[Start of Attachment]
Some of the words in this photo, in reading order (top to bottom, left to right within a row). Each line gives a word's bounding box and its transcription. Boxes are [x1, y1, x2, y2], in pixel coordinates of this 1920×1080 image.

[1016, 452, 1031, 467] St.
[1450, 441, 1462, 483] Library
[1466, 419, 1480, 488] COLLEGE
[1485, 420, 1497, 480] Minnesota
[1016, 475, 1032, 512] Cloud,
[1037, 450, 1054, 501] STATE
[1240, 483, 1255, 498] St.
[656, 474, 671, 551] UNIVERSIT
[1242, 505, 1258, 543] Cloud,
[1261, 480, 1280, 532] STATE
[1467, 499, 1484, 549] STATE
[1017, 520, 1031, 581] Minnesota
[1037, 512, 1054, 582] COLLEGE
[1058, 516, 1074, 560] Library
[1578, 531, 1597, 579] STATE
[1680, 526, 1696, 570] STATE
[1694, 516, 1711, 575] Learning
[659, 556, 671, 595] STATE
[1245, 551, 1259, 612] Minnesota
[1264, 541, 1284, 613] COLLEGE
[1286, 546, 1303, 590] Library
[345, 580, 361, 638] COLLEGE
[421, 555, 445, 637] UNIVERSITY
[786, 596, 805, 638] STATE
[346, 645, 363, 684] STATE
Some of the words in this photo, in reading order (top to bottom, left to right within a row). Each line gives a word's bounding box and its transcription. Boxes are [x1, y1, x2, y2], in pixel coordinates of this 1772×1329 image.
[End of Attachment]
#### Problem statement:
Copy the entire listing, keeping each line exactly as it is.

#### Answer area:
Some of the words in this photo, in reading order (top to bottom, left to right within a row). Each line gives a word's bounding box and its transcription. Boxes are [x1, y1, x2, y2], in pixel coordinates of this 1920×1080 image.

[1016, 452, 1031, 467] St.
[1450, 441, 1462, 483] Library
[1466, 419, 1480, 488] COLLEGE
[1485, 420, 1497, 480] Minnesota
[1016, 475, 1032, 512] Cloud,
[1037, 450, 1054, 501] STATE
[1240, 483, 1255, 498] St.
[656, 474, 671, 551] UNIVERSIT
[1242, 505, 1258, 543] Cloud,
[1261, 480, 1280, 532] STATE
[1467, 499, 1484, 549] STATE
[1017, 520, 1031, 581] Minnesota
[1037, 512, 1054, 582] COLLEGE
[1058, 516, 1074, 560] Library
[1578, 531, 1597, 579] STATE
[1680, 526, 1696, 570] STATE
[1694, 516, 1711, 575] Learning
[659, 556, 671, 595] STATE
[1245, 551, 1259, 612] Minnesota
[1264, 541, 1284, 613] COLLEGE
[1286, 546, 1303, 590] Library
[345, 580, 361, 638] COLLEGE
[421, 555, 445, 637] UNIVERSITY
[786, 596, 805, 638] STATE
[346, 645, 363, 684] STATE
Some of the words in this photo, in reading order (top to bottom, left to right within a row). Each line gives a word's bounding box and its transcription. Boxes are [x1, y1, x2, y2], in pixel coordinates of this 1772×1329 image.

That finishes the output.